Nearly 42,000 calls to Pennsylvania’s child abuse hotline were unanswered in 2015, according to an interim audit report released Tuesday by the state auditor general’s office. The ChildLine hotline was “constantly understaffed” last year, Auditor General Eugene DePasquale said. Twenty-two percent of all calls to ChildLine in 2015 went unanswered; nearly one-third of all calls received in 2014 and 2015 were not tracked or documented, and supervisors monitored an extremely small number of calls — only 7, or 0.005 percent, the interim report said. Calls made to ChildLine are either answered; or abandoned, meaning the caller hangs up while waiting; or they are deflected, meaning the call queue is full and so calls are immediately terminated. The ChildLine hotline and abuse registry is administered by the state Department of Human Services.

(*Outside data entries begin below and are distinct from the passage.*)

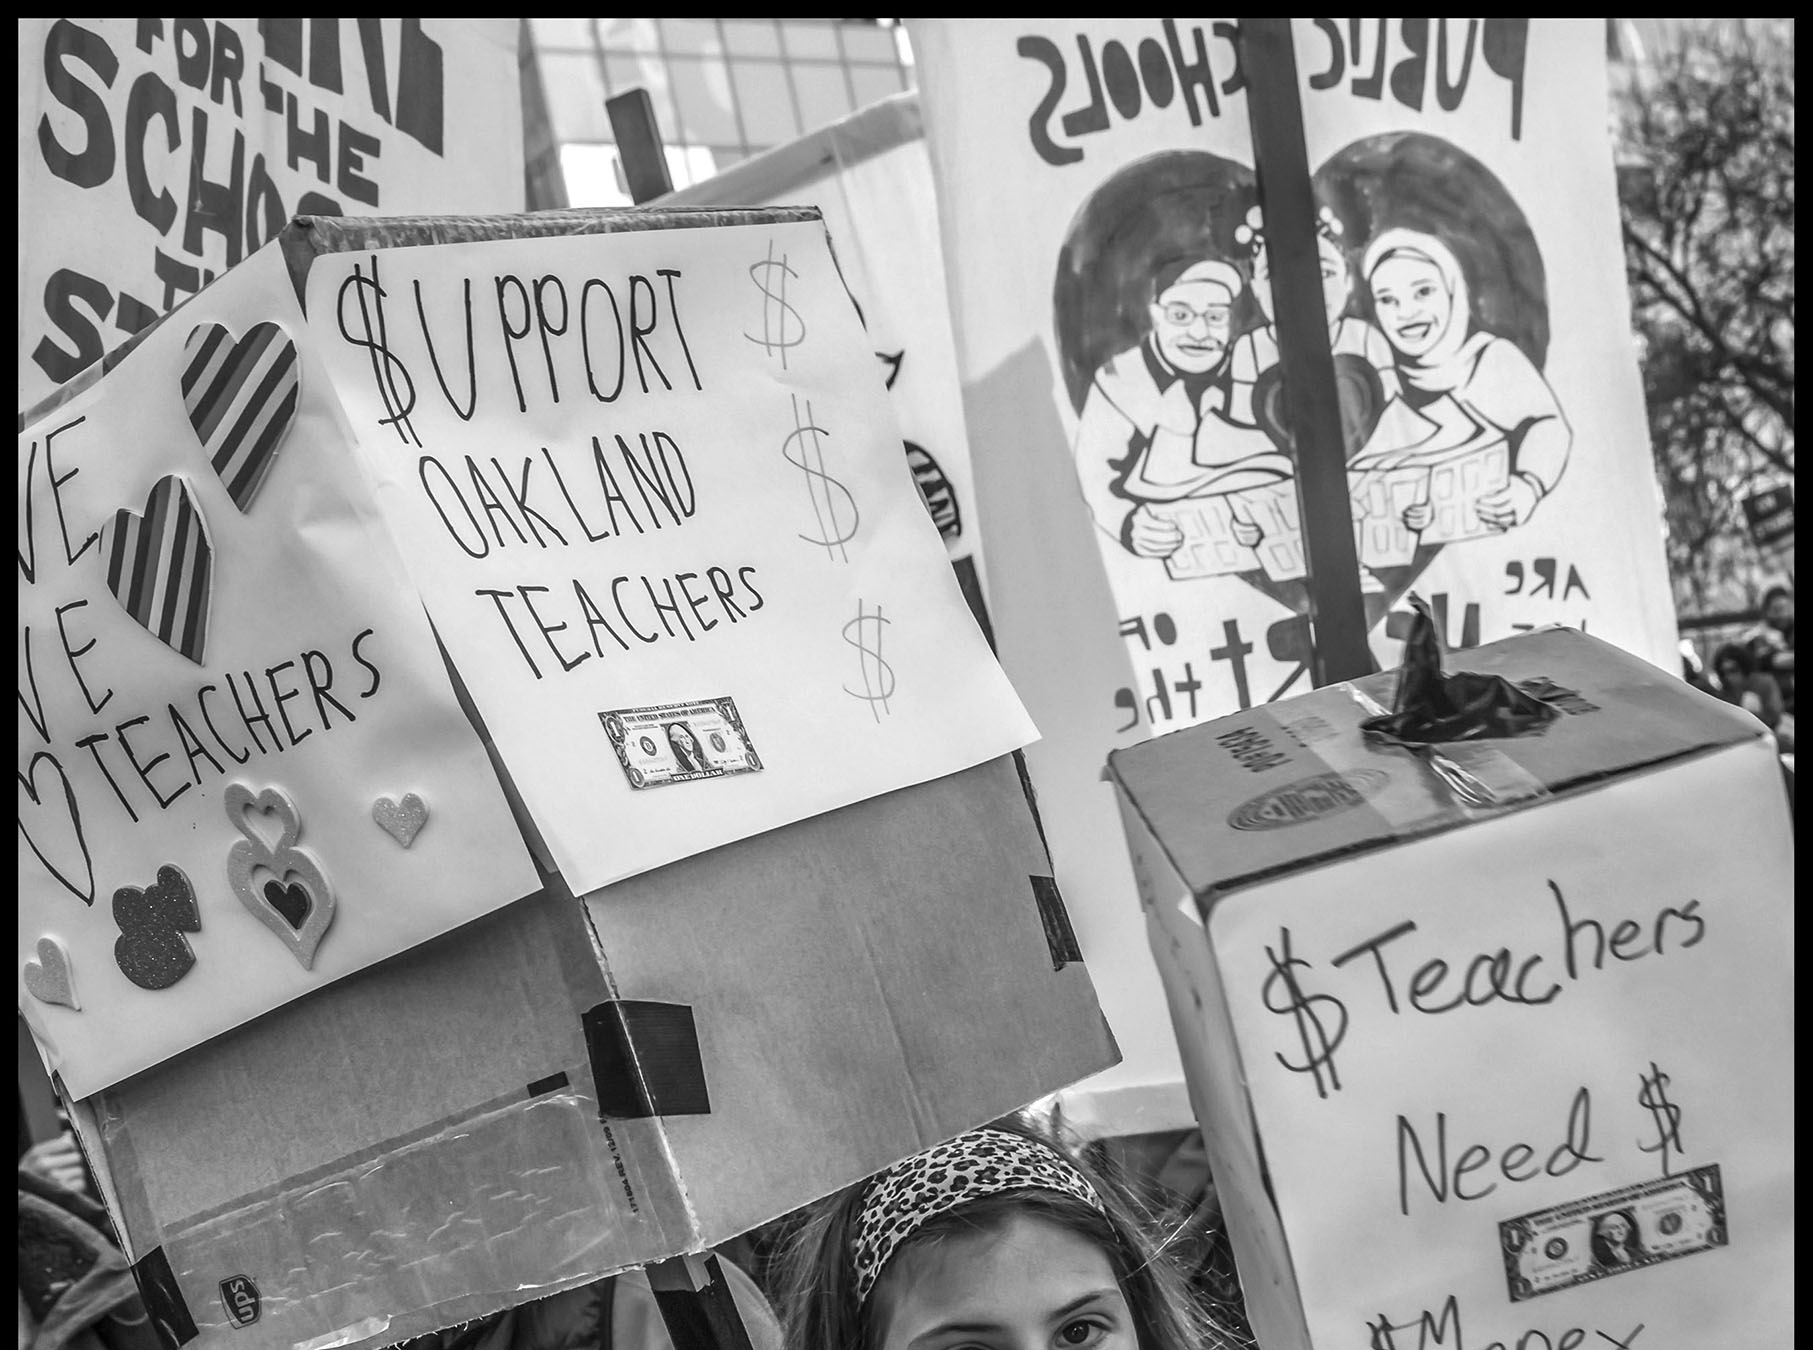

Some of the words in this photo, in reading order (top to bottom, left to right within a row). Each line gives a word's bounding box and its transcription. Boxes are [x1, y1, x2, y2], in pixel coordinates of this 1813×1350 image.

[338, 255, 703, 448] $UPPORT
[419, 431, 696, 559] OAKLAND
[475, 567, 765, 679] TEACHERS
[75, 628, 383, 823] TEACHERS
[691, 769, 724, 780] DOLLAR
[1398, 1087, 1605, 1216] Need

Given the disturbing nature of his findings, Auditor General Eugene DePasquale was right to issue an interim report on ChildLine.

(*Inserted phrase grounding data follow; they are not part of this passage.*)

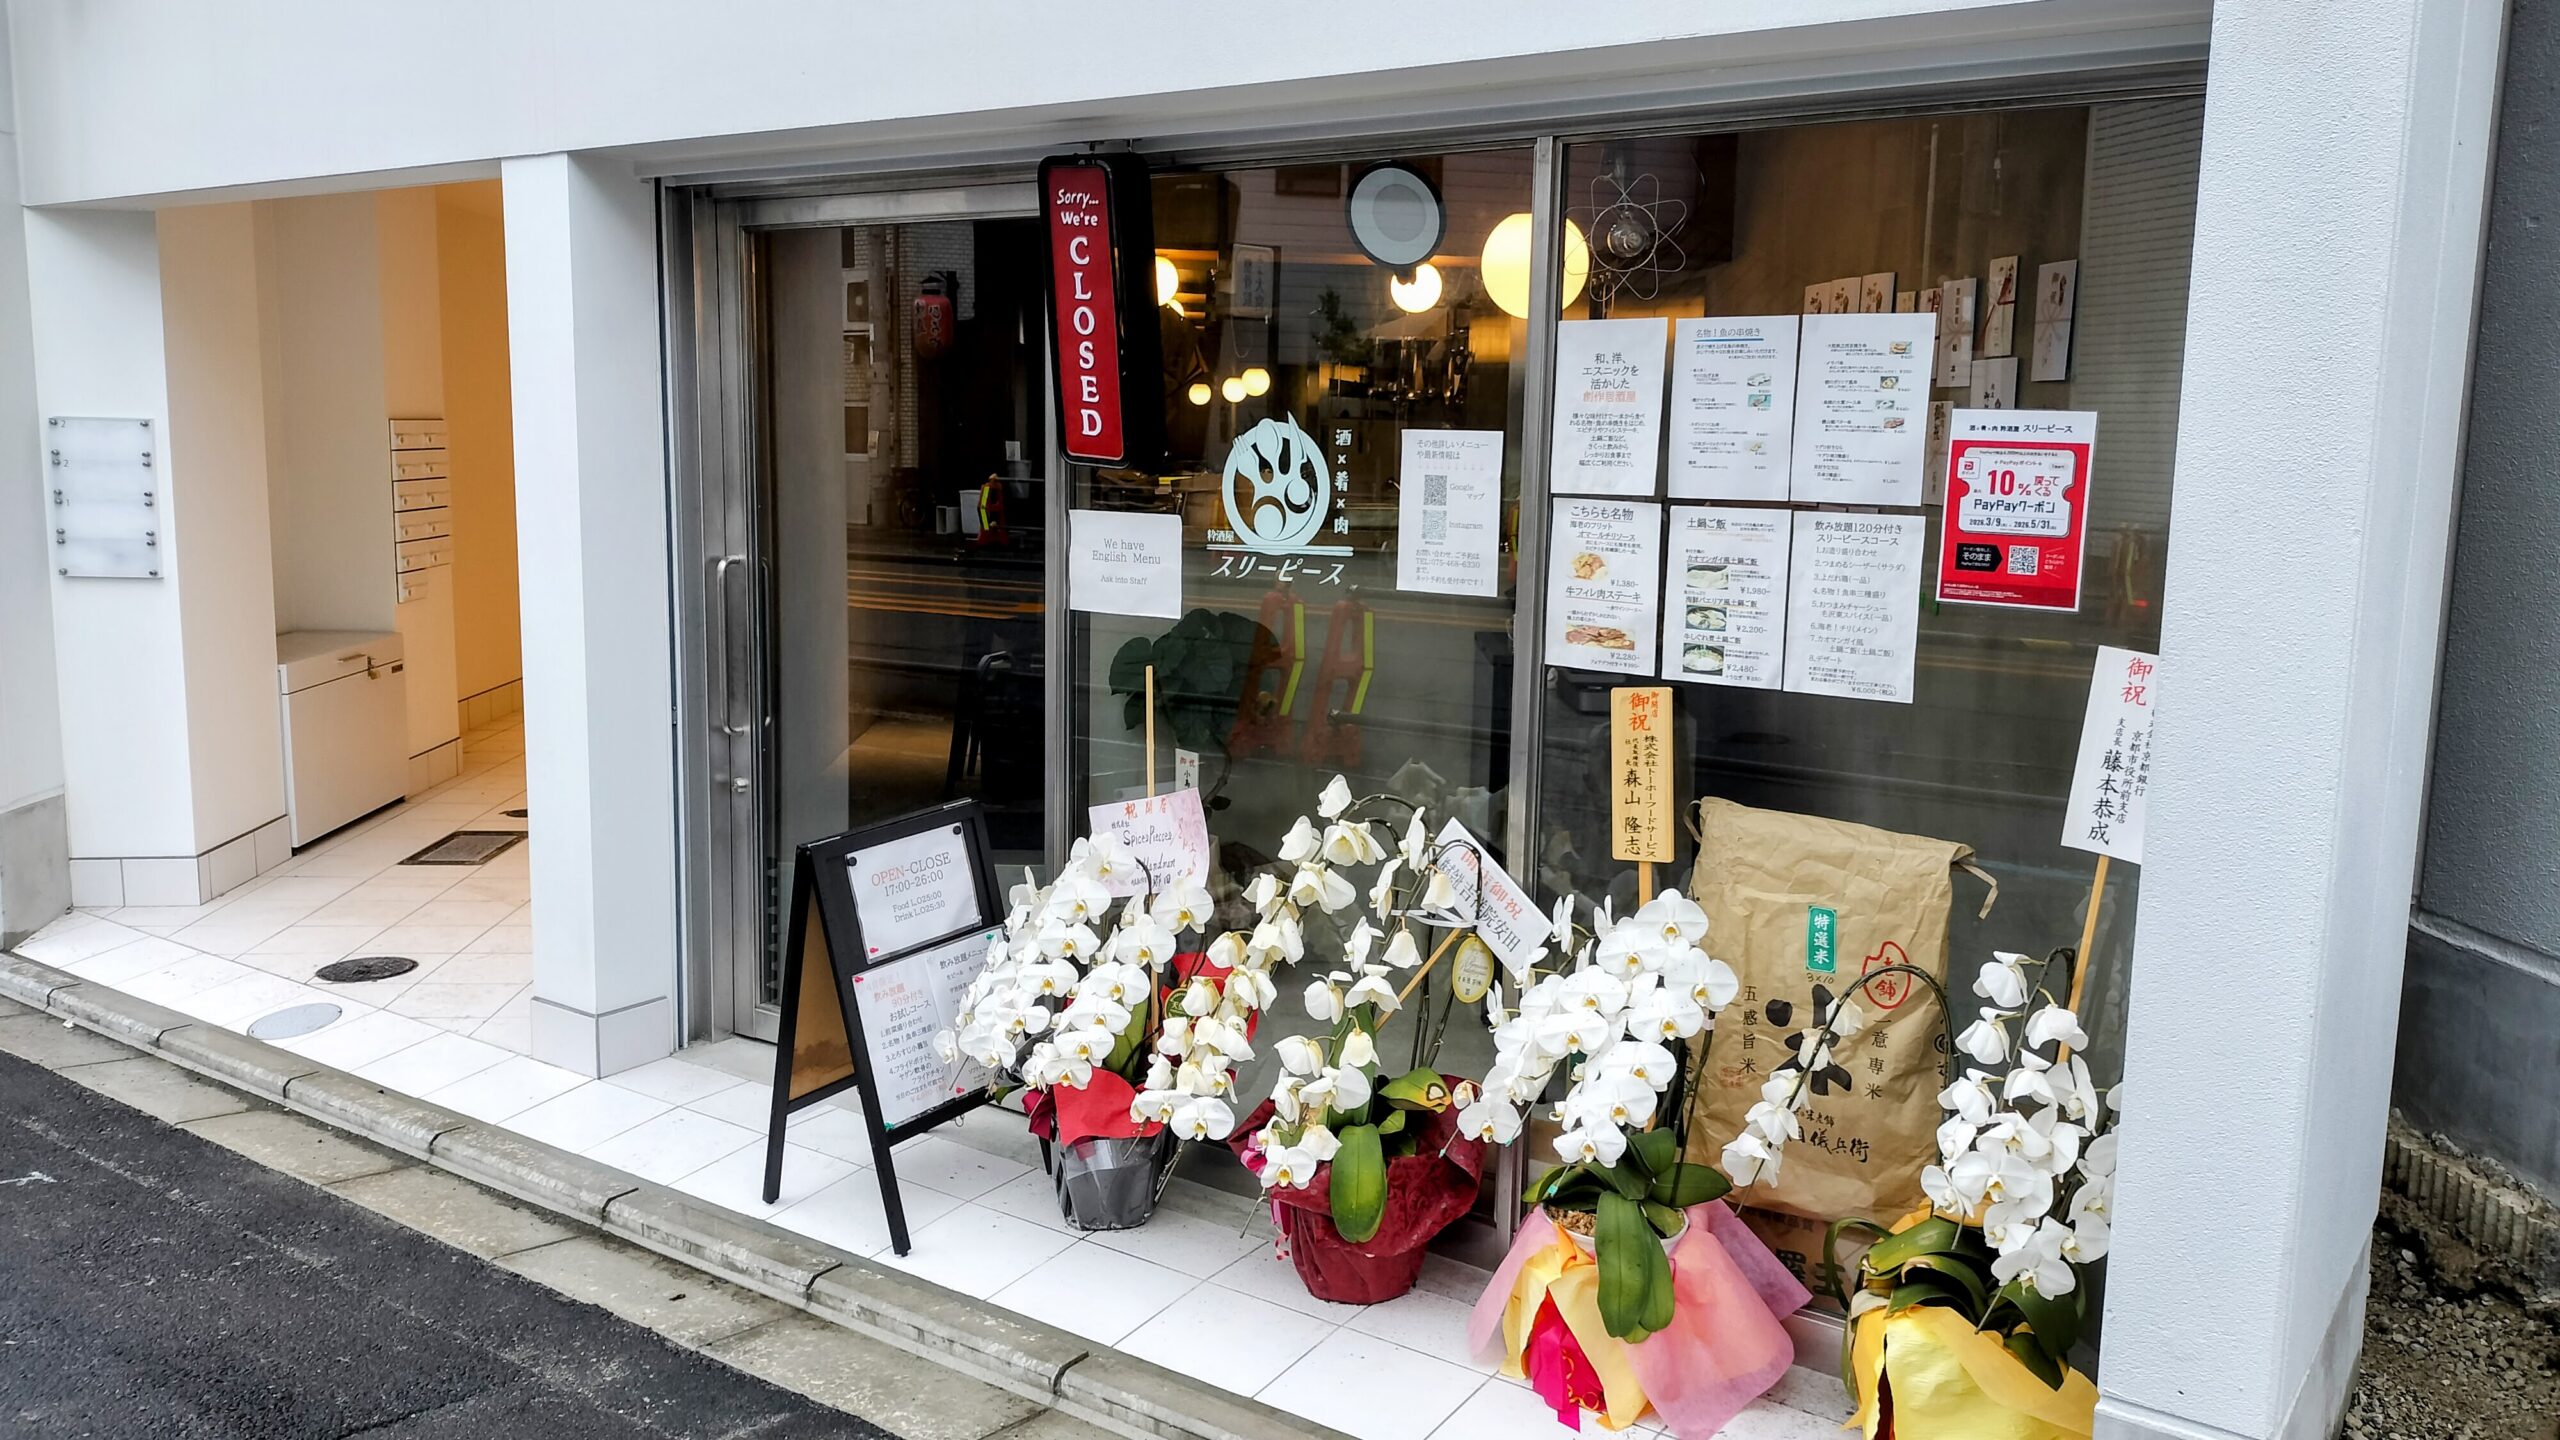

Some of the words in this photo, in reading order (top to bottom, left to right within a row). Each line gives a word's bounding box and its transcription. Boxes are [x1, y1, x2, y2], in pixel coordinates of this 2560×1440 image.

[1056, 189, 1099, 209] Sorry...
[1061, 211, 1098, 226] We're
[1069, 236, 1103, 437] CLOSED
[1696, 327, 1761, 338] 名物！魚の串焼き
[1595, 352, 1626, 364] 和、洋、
[1582, 365, 1639, 376] エスニックを
[1590, 378, 1630, 390] 活かした
[1583, 391, 1636, 403] 創作居酒屋
[2023, 424, 2073, 434] スリーピース
[1417, 440, 1489, 449] その他詳しいメニュー
[1417, 451, 1460, 460] や最新情報は
[1450, 483, 1474, 492] Google
[2033, 475, 2061, 487] 戻って
[2034, 487, 2052, 497] くる
[1571, 506, 1634, 521] こちらも名物
[1974, 498, 2056, 514] PayPayクーポン
[1448, 521, 1483, 530] Instagram
[1687, 517, 1727, 530] 土鍋ご飯
[1815, 520, 1903, 535] 飲み放題120分付き
[1577, 531, 1636, 542] オマールチリソース
[1817, 534, 1900, 546] スリーピースコース
[1104, 538, 1118, 549] We
[1121, 540, 1145, 551] have
[1092, 550, 1127, 563] English
[1133, 553, 1161, 565] Menu
[1962, 552, 1992, 561] そのまま
[1210, 556, 1345, 586] スリーピース
[1101, 575, 1114, 583] Ask
[1129, 576, 1148, 585] Staff
[1566, 586, 1641, 602] 牛フィレ肉ステーキ
[2121, 656, 2153, 706] 御祝
[1629, 692, 1651, 731] 御祝
[2113, 717, 2126, 748] 支店長
[2114, 730, 2144, 824] 京都市役所前支店
[1623, 768, 1643, 806] 森山
[1642, 735, 1659, 858] 株式会社トーホーフードサービス
[2087, 749, 2125, 846] 藤本恭成
[1624, 816, 1643, 856] 隆志
[871, 852, 951, 887] OPEN-CLOSE
[884, 869, 944, 897] 17:00-26:00
[893, 901, 910, 913] Food
[894, 911, 914, 923] Drink
[1813, 913, 1831, 965] 特選米
[890, 999, 932, 1022] お試しコース
[1740, 985, 1759, 1074] 五感旨米
[1864, 1018, 1893, 1101] 一意専米

As DePasquale noted, “even one unanswered phone call means there could be a child in a life-threatening situation who needs help.”
So the alarm had to be sounded immediately.
Ironically, that’s the very thing that’s expected now under Pennsylvania law when it comes to reporting suspected child abuse or neglect: Sound the alarm immediately.
Is the call getting answered this time around?
The Wolf administration says yes, that it is fixing a mess that it inherited.
We hope so.
Because this is a mess that’s directly affecting the well-being of children.
Imagine, if you can bear it, how many child abuse reports never were made because calls were not answered by ChildLine caseworkers. Imagine the hells lived by so many children that may have gone unchecked.
And then consider this: Advocates have been worried about ChildLine for years (it was they who pushed for an audit).
Cathleen Palm of The Center for Children’s Justice first wrote a letter of concern to state officials in 2010, after a Gov. Ed Rendell commission reported that calls were being abandoned because of long hold times “due to ChildLine operating at reduced staff levels.”
That year, 8.82 percent of calls to ChildLine were abandoned or deflected.
To be clear, that was six years and two administrations ago.
New laws, new demands
Then, in December 2013, in the wake of the horrific Jerry Sandusky child sexual abuse scandal, the first of 23 new child protection laws were passed in Pennsylvania.
Child advocates were worried then about the capacity of ChildLine to handle what they rightly predicted would be a deluge of new child abuse reports.
As the auditor general’s interim report shows, they were right to be concerned.
Last year, the longest wait time before a call eventually was abandoned was approximately 53 minutes. More than 1 in 5 of the 188,357 calls made to ChildLine were deflected or abandoned.
In February 2015, an LNP editorial expressed concern that the system was being overwhelmed by the deluge of calls, and noted that ChildLine was understaffed and experiencing a high level of turnover.
In January of that year, an unconscionable 43 percent of calls to ChildLine were being deflected or abandoned.
On Wednesday, Ted Dallas, secretary of the DHS, told LNP that the number of deflected or abandoned calls to ChildLine had fallen from that 43 percent to 12 percent this March because of the “unprecedented resources” and energy he and his staff had put into mending the ChildLine system.
The staffing has increased by 66 percent from 48 positions to 78. The chief of staff for Children, Youth and Families now has direct oversight over ChildLine. New technology will be deployed in July, and a new system of performance monitoring will be in place in the fall.
“Twelve percent is not where we want to be,” Dallas said. “But it’s a lot better than 43 percent. ... We’re doing the best we can with the resources we have.”
He said DHS was working toward meeting a goal of 4 percent of abandoned or deflected calls.
We’re glad the numbers are moving in the right direction. But as the auditor general points out, the goal should be to get to zero abandoned or deflected calls.
It’s true that some calls may be nonessential queries about, say, the status of child abuse clearances. (And by the way, people should check the Keep Kids Safe PA website for that kind of information, and keep ChildLine free to take calls about suspected abuse.)
But among the 4 percent of dropped or abandoned calls the DHS is willing to live with, there may be a call that determines a child’s future.
Dallas said he’s asking for $1.8 million in next year’s budget to continue improving staffing and operations at ChildLine.
No one should quibble over that sum, given that, as the auditor general points out, lawmakers didn’t adequately fund ChildLine so it could meet the demands placed on it by the new child protection laws.
We laud the advocates, including Palm, who pressed for the ChildLine audit. And we appreciate that the Wolf administration seems dedicated to fixing ChildLine.
But it’s a dismaying reality that this most essential, most basic tool for ensuring the safety of children in Pennsylvania remains a work in progress.
Going forward, we hope the DHS regularly releases data showing how ChildLine is operating — or not operating.
And we anxiously await the auditor general’s final report. The more attention given to this critically important hotline and abuse registry the better.
To report suspected child abuse, call ChildLine at 800-932-0313, or go to the website: keepkidssafe.pa.gov.